Biogen's R&D strategy fails to impress after Alzheimer's trial flop
The dust has settled at Biogen following the company’s disastrous announcement that it was ending development of Alzheimer’s drug aducanumab, and in its latest Q1 figures the company hoped to win over investors with a revised R&D strategy based around MS, ophthalmology, and continued focus on Alzheimer's.
Biogen’s multiple sclerosis pill Tecfidera continued to be the company’s top selling drug in Q1, bringing in revenues of $999m for the quarter, up 1% compared with last year.
The company successfully fought off a patent challenge in October last year, and for now the $4 billion a year blockbuster looks set to enjoy patent protection until 2028.
But the market for MS drugs is increasingly competitive, with Novartis and Germany’s Merck KGaA marketing rival oral therapies as well as several injected options.
Biogen is hoping that a new alternative, Vumerity (diroximel fumarate), will have the same beneficial effects of reducing the inflammation that causes the disease to progress, but without the gastrointestinal side effects.
The drug is filed with the FDA, which is set to make a regulatory decision in the fourth quarter this year.
Revenues from MS drugs are also helped by royalties from Roche’s highly successful new launch Ocrevus, which the two companies developed together before the big Swiss pharma opted to take over marketing and R&D at the beginning of the decade.
Another longer-term prospect for Biogen is drugs added to the pipeline from its $800m acquisition of Nightstar Therapeutics in March, most notably its NSR-REP1 gene therapy for a rare retinal disease.

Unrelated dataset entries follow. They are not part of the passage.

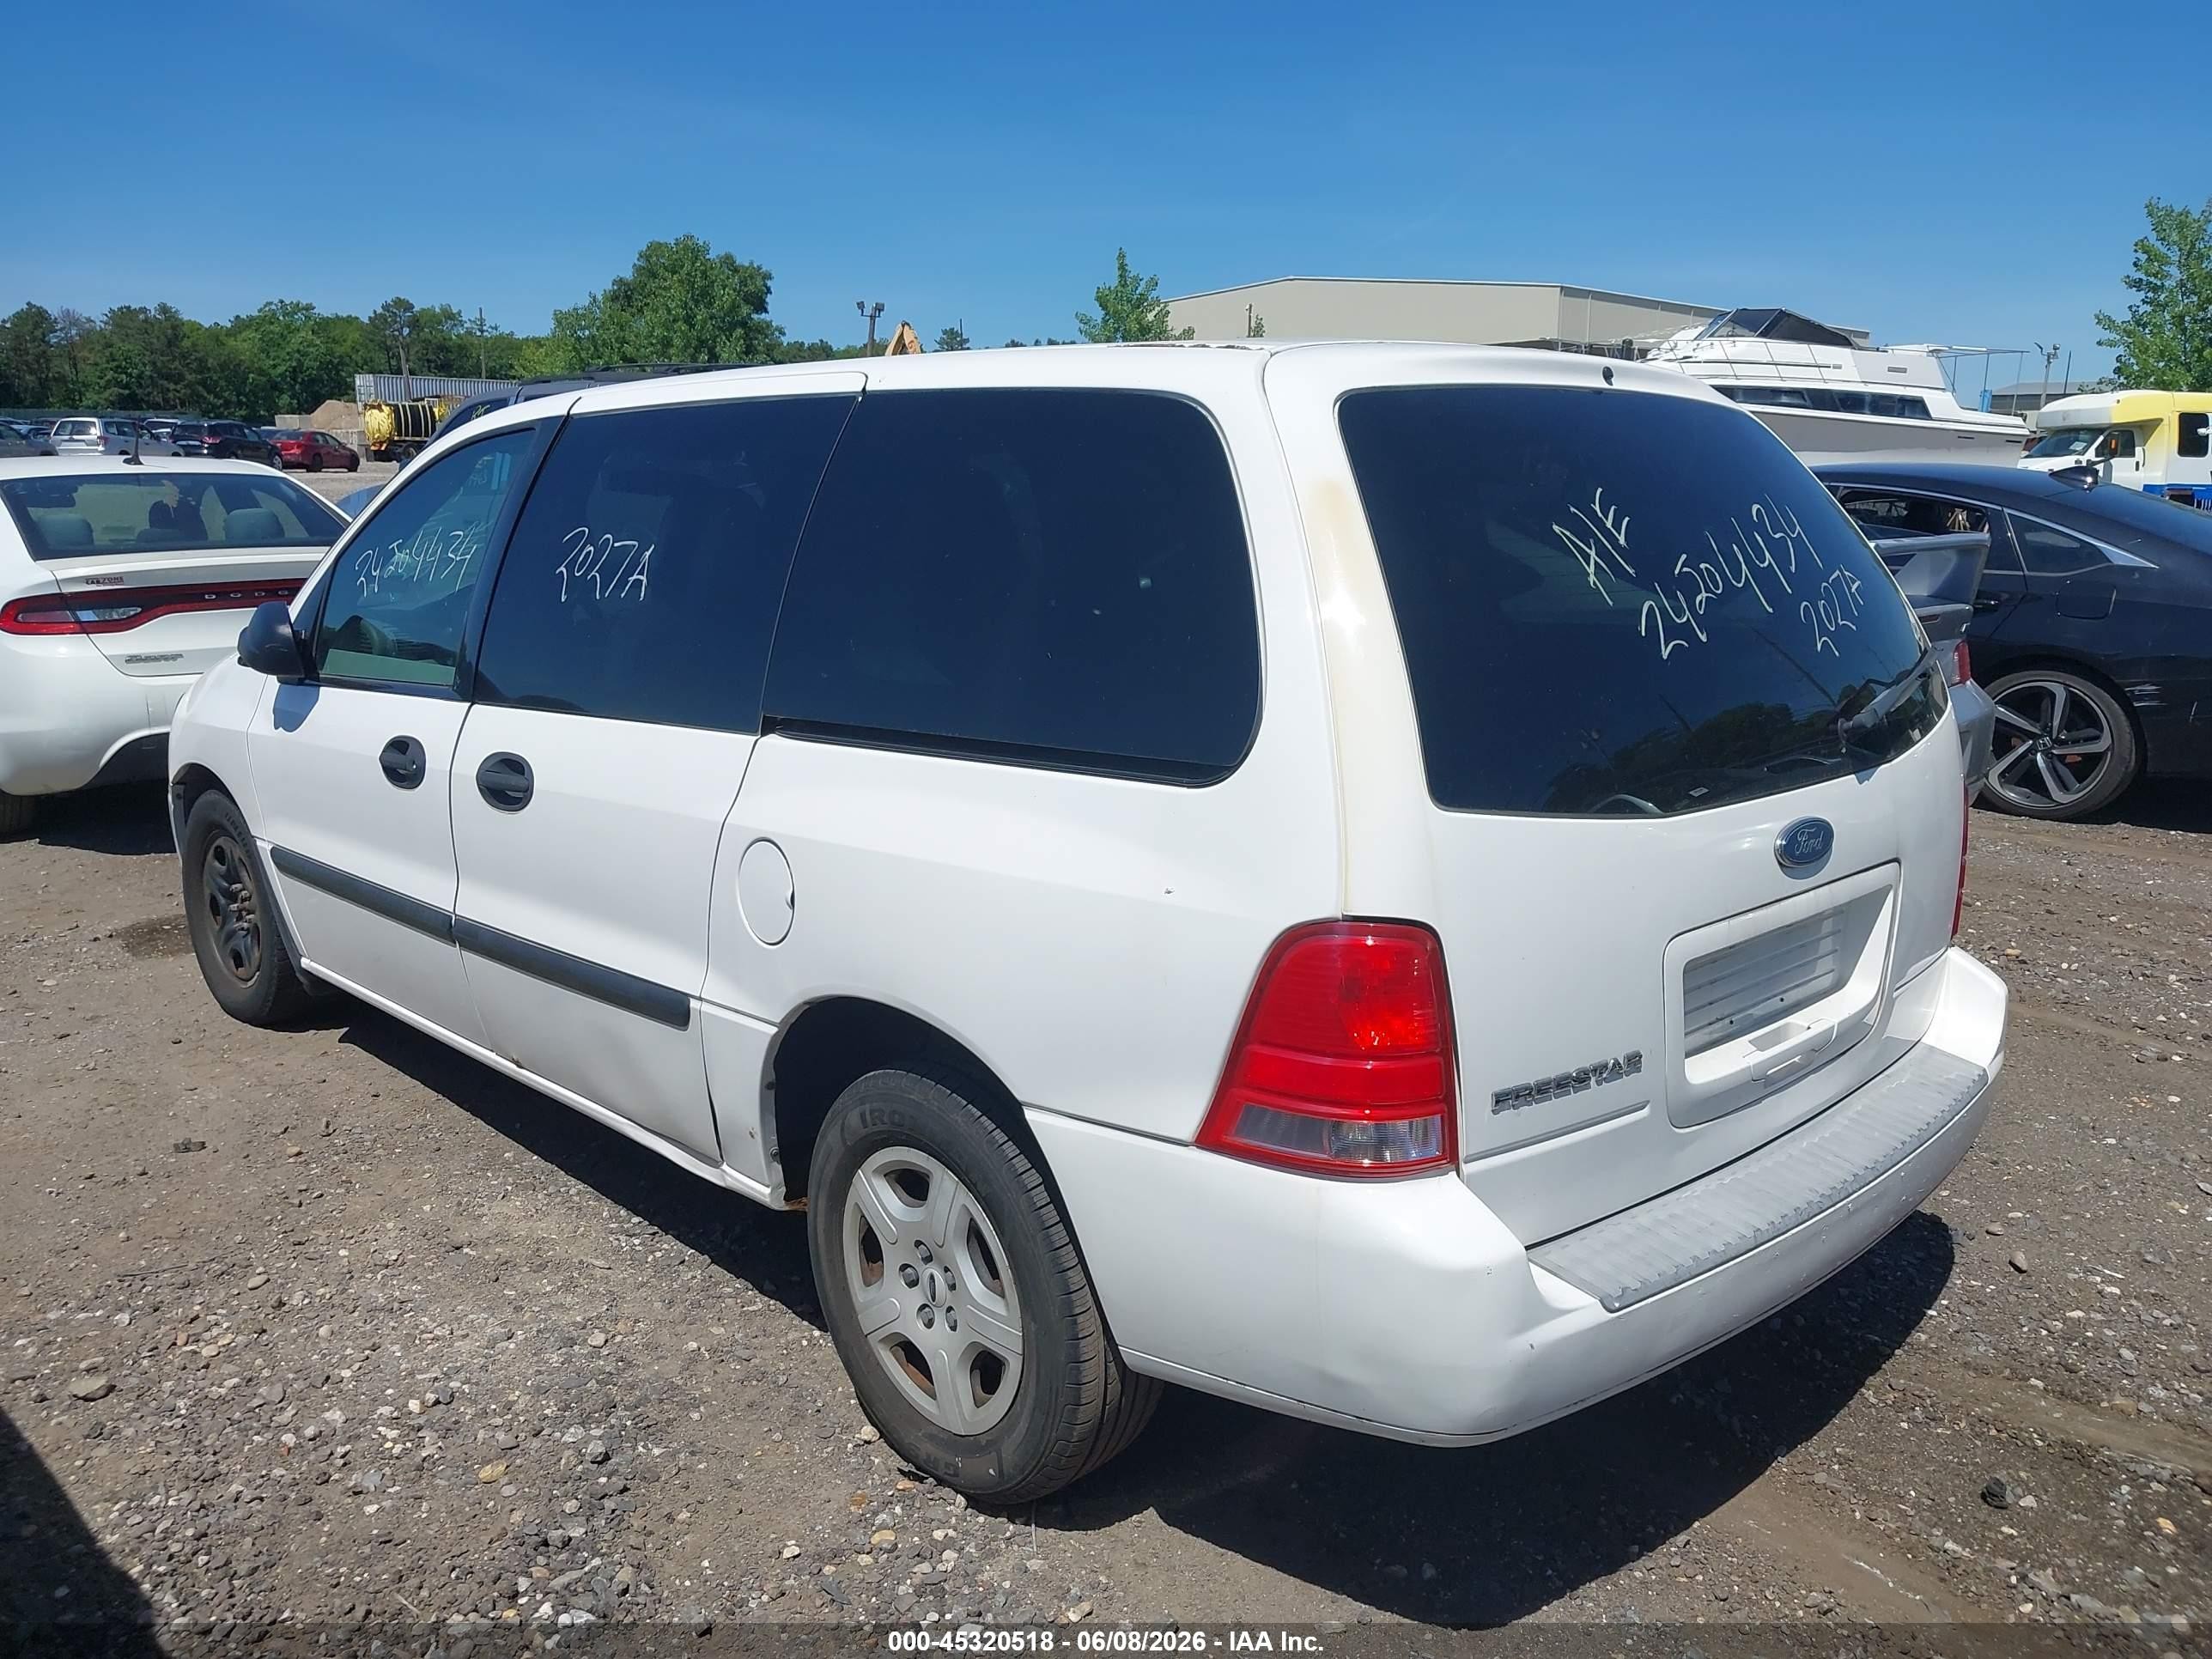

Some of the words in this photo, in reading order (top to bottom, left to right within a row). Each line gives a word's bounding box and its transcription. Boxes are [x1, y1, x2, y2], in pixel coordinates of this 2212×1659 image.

[204, 590, 289, 599] DODG
[556, 527, 654, 603] 2027A
[1801, 564, 1864, 657] 2027A
[1794, 827, 1824, 854] Ford
[1491, 1050, 1643, 1113] FREESTAR
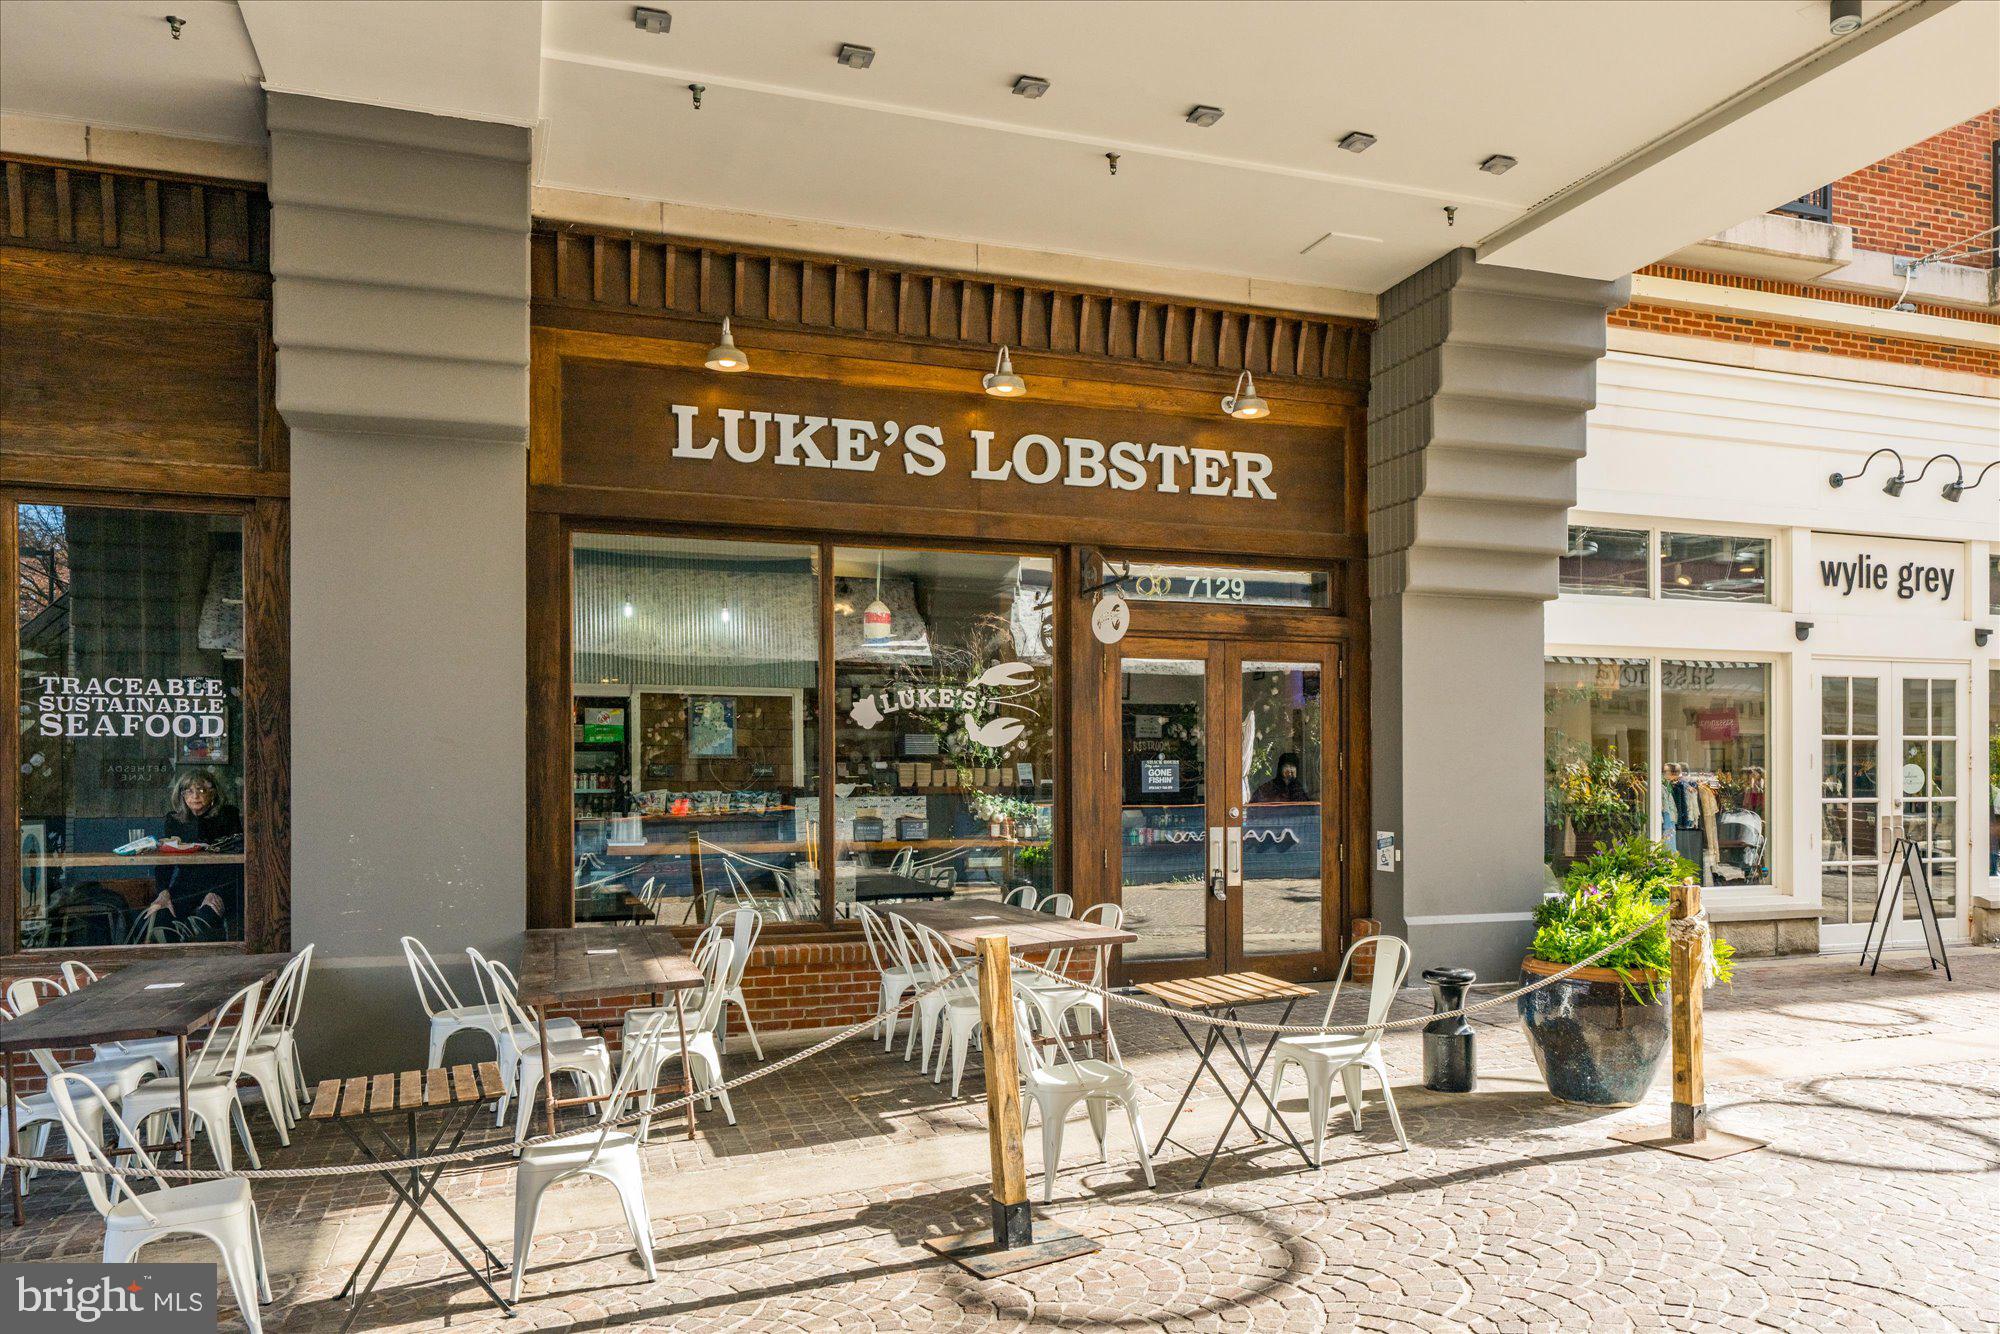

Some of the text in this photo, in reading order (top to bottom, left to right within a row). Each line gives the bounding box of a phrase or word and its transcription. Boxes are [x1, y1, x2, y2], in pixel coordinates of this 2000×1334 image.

[672, 404, 1278, 500] LUKE'S LOBSTER
[1185, 575, 1246, 601] 7129
[1820, 554, 1955, 600] wylie grey
[39, 676, 227, 698] TRACEABLE,
[39, 696, 224, 714] SUSTAINABLE
[880, 688, 977, 714] LUKE'S
[39, 713, 228, 738] SEAFOOD.
[1148, 768, 1172, 777] GONE

CEO Michel Vounatsos also pointed to the company’s “solid operational performance”, with total revenues up 11% to $3.5 billion, and net income up 11% compared with last year’s Q1.
Driving this growth was Biogen’s Spinraza, used for spinal muscular atrophy, which generated sales of $518m, up 42% compared with the last Q1.
The company is also developing drugs in a range of other neurology diseases including Parkinson’s disease and epilepsy.
However the failure of aducanumab overshadowed the results and Biogen's attempts to talk up its pipeline and already-marketed drugs were not well received.
Investors are hoping for a change in tack following the aducanumab debacle but Biogen execs also pledged to continue with Alzheimer’s research despite the trial flop that wiped billions off the company’s value at the end of March.
The company is pushing on with Alzheimer’s research focusing on another antibody targeting amyloid called BAN2401 in partnership with Eisai, and research into the tau protein tangles that have also been linked with the disease.
The feeling among investors is that the decision to continue with BAN2401 was taken by Eisai - but whatever the reason it looks to be a questionable call given the string of trial failures among drugs targeting amyloid.
Understandably weary of talk about further Alzheimer’s projects, which on previous form look likely to fail, investors were unimpressed and the company’s share price fell by 2.5% on the Nasdaq following the announcement.